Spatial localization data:
*** Begin section ***
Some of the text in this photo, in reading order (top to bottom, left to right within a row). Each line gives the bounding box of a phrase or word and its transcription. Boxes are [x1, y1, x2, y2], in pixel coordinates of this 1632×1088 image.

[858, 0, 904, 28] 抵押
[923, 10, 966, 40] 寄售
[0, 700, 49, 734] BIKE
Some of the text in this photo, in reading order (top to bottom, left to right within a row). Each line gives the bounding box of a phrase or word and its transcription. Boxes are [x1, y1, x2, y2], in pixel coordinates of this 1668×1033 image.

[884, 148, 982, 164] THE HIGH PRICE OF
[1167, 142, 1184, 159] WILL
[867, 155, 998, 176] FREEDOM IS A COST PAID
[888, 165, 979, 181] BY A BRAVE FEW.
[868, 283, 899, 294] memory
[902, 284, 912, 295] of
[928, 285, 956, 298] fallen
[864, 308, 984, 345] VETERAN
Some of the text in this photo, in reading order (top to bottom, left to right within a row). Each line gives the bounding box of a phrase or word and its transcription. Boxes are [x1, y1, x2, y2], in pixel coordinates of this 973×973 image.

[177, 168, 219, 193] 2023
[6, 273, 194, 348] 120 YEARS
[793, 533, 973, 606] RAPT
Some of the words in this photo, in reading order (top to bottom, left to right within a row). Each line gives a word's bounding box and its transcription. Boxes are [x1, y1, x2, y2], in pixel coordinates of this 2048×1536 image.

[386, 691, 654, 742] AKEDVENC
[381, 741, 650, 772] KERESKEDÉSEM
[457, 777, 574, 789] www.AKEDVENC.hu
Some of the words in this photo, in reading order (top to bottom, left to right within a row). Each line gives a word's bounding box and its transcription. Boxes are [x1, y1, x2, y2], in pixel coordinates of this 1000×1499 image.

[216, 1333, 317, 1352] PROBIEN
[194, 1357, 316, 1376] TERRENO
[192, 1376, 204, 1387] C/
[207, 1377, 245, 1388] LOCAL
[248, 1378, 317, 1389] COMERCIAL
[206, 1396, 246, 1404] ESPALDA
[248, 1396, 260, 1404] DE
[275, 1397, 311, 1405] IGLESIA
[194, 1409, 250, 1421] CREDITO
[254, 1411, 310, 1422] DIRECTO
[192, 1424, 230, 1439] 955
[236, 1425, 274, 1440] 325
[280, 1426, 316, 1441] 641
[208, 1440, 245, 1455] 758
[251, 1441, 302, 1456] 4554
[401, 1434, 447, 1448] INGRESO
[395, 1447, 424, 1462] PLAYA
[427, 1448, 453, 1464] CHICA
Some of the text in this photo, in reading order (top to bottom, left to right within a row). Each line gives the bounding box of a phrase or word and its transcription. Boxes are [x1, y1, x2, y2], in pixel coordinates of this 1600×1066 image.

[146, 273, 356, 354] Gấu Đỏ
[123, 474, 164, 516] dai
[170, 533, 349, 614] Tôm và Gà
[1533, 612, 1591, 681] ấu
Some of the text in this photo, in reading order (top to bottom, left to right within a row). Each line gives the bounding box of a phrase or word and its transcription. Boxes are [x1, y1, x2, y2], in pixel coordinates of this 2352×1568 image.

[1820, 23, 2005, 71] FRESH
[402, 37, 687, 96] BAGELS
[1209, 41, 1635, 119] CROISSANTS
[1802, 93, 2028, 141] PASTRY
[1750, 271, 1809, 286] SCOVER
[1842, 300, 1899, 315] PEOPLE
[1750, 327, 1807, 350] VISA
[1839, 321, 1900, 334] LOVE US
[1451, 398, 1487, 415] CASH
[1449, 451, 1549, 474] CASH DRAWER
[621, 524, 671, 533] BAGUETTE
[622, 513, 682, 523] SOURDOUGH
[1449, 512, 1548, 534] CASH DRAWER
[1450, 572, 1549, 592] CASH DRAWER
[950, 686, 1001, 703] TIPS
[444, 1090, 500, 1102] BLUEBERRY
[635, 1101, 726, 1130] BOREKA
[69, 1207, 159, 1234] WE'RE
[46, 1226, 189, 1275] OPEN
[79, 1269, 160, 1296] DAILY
*** End section ***
▶ About this task: Nothing in the records above may differ in your copy; retype them in full.

▶ Solution to the exercise:
Some of the text in this photo, in reading order (top to bottom, left to right within a row). Each line gives the bounding box of a phrase or word and its transcription. Boxes are [x1, y1, x2, y2], in pixel coordinates of this 1632×1088 image.

[858, 0, 904, 28] 抵押
[923, 10, 966, 40] 寄售
[0, 700, 49, 734] BIKE
Some of the text in this photo, in reading order (top to bottom, left to right within a row). Each line gives the bounding box of a phrase or word and its transcription. Boxes are [x1, y1, x2, y2], in pixel coordinates of this 1668×1033 image.

[884, 148, 982, 164] THE HIGH PRICE OF
[1167, 142, 1184, 159] WILL
[867, 155, 998, 176] FREEDOM IS A COST PAID
[888, 165, 979, 181] BY A BRAVE FEW.
[868, 283, 899, 294] memory
[902, 284, 912, 295] of
[928, 285, 956, 298] fallen
[864, 308, 984, 345] VETERAN
Some of the text in this photo, in reading order (top to bottom, left to right within a row). Each line gives the bounding box of a phrase or word and its transcription. Boxes are [x1, y1, x2, y2], in pixel coordinates of this 973×973 image.

[177, 168, 219, 193] 2023
[6, 273, 194, 348] 120 YEARS
[793, 533, 973, 606] RAPT
Some of the words in this photo, in reading order (top to bottom, left to right within a row). Each line gives a word's bounding box and its transcription. Boxes are [x1, y1, x2, y2], in pixel coordinates of this 2048×1536 image.

[386, 691, 654, 742] AKEDVENC
[381, 741, 650, 772] KERESKEDÉSEM
[457, 777, 574, 789] www.AKEDVENC.hu
Some of the words in this photo, in reading order (top to bottom, left to right within a row). Each line gives a word's bounding box and its transcription. Boxes are [x1, y1, x2, y2], in pixel coordinates of this 1000×1499 image.

[216, 1333, 317, 1352] PROBIEN
[194, 1357, 316, 1376] TERRENO
[192, 1376, 204, 1387] C/
[207, 1377, 245, 1388] LOCAL
[248, 1378, 317, 1389] COMERCIAL
[206, 1396, 246, 1404] ESPALDA
[248, 1396, 260, 1404] DE
[275, 1397, 311, 1405] IGLESIA
[194, 1409, 250, 1421] CREDITO
[254, 1411, 310, 1422] DIRECTO
[192, 1424, 230, 1439] 955
[236, 1425, 274, 1440] 325
[280, 1426, 316, 1441] 641
[208, 1440, 245, 1455] 758
[251, 1441, 302, 1456] 4554
[401, 1434, 447, 1448] INGRESO
[395, 1447, 424, 1462] PLAYA
[427, 1448, 453, 1464] CHICA
Some of the text in this photo, in reading order (top to bottom, left to right within a row). Each line gives the bounding box of a phrase or word and its transcription. Boxes are [x1, y1, x2, y2], in pixel coordinates of this 1600×1066 image.

[146, 273, 356, 354] Gấu Đỏ
[123, 474, 164, 516] dai
[170, 533, 349, 614] Tôm và Gà
[1533, 612, 1591, 681] ấu
Some of the text in this photo, in reading order (top to bottom, left to right within a row). Each line gives the bounding box of a phrase or word and its transcription. Boxes are [x1, y1, x2, y2], in pixel coordinates of this 2352×1568 image.

[1820, 23, 2005, 71] FRESH
[402, 37, 687, 96] BAGELS
[1209, 41, 1635, 119] CROISSANTS
[1802, 93, 2028, 141] PASTRY
[1750, 271, 1809, 286] SCOVER
[1842, 300, 1899, 315] PEOPLE
[1750, 327, 1807, 350] VISA
[1839, 321, 1900, 334] LOVE US
[1451, 398, 1487, 415] CASH
[1449, 451, 1549, 474] CASH DRAWER
[621, 524, 671, 533] BAGUETTE
[622, 513, 682, 523] SOURDOUGH
[1449, 512, 1548, 534] CASH DRAWER
[1450, 572, 1549, 592] CASH DRAWER
[950, 686, 1001, 703] TIPS
[444, 1090, 500, 1102] BLUEBERRY
[635, 1101, 726, 1130] BOREKA
[69, 1207, 159, 1234] WE'RE
[46, 1226, 189, 1275] OPEN
[79, 1269, 160, 1296] DAILY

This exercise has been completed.